Segundo fontes da Justiça, a defesa da prefeita Rosinha já ajuizou quatro ações com o mesmo objetivo: afastar o juiz e o delegado das operações que investigam um esquema de fraude no programa social Cheque Cidadão.

 

Rosinha é ré, junto com outros políticos e pessoas ligadas ao governo municipal em uma das 38 Ações de Investigação Judicial Eleitoral (AIJEs) distribuídas pela Promotoria de Justiça e pela 76ª Zona Eleitoral, que investigam a inclusão indevida de beneficiários no programa Cheque Cidadão em troca de votos. As acusações são de captação ilícita de sufrágio e abuso de poder econômico e político.
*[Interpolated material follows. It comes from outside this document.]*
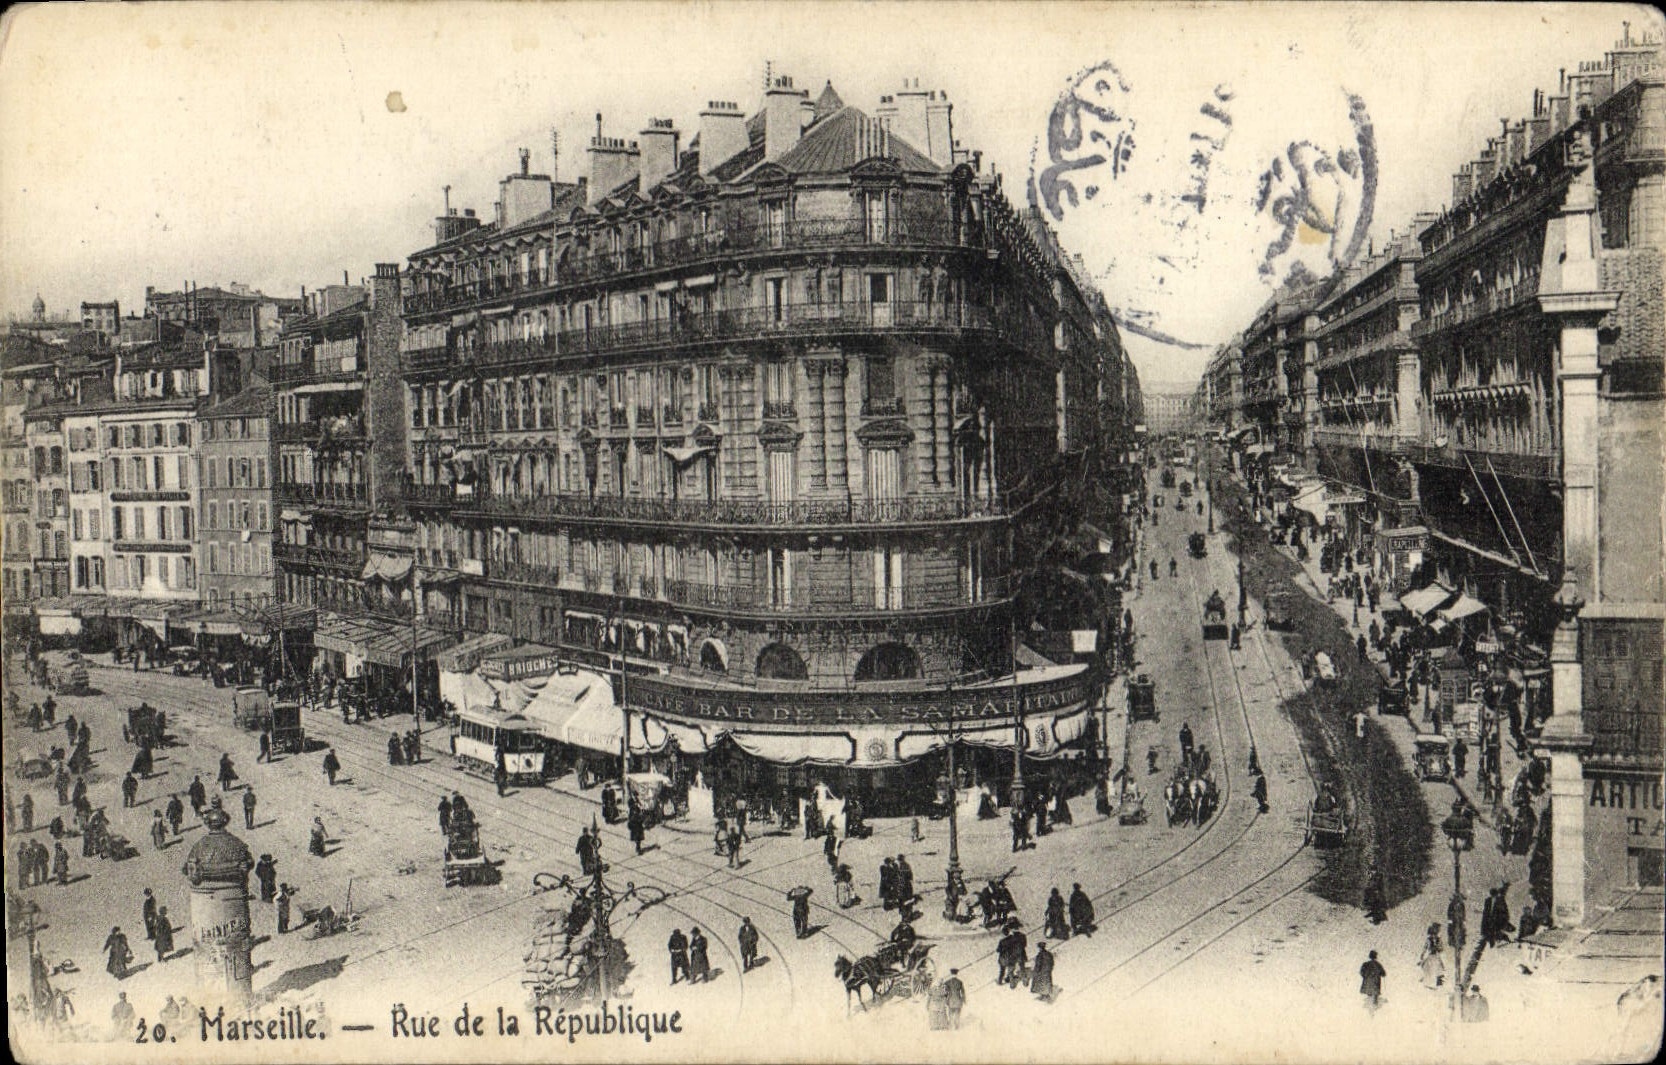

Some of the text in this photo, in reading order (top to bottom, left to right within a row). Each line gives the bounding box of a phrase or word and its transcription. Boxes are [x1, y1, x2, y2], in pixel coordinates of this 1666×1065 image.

[699, 703, 754, 719] BAR
[772, 707, 814, 720] DE
[836, 706, 883, 720] LA
O MPE requer a cassação de registro ou diploma e a decretação de inelegibilidade dos processados por oito anos.

 

As investigações já levaram à prisão de três vereadores – Kellinho, Miguelito e Ozéias – e ao afastamento das atividades da Câmara do vereador Thiago Virgílio. Além disso, outras três pessoas estão foragidas: vereadora eleita Linda Mara, a secretária municipal de Desenvolvimento Humano e Social, Ana Alice, e a radialista Beth Megafone.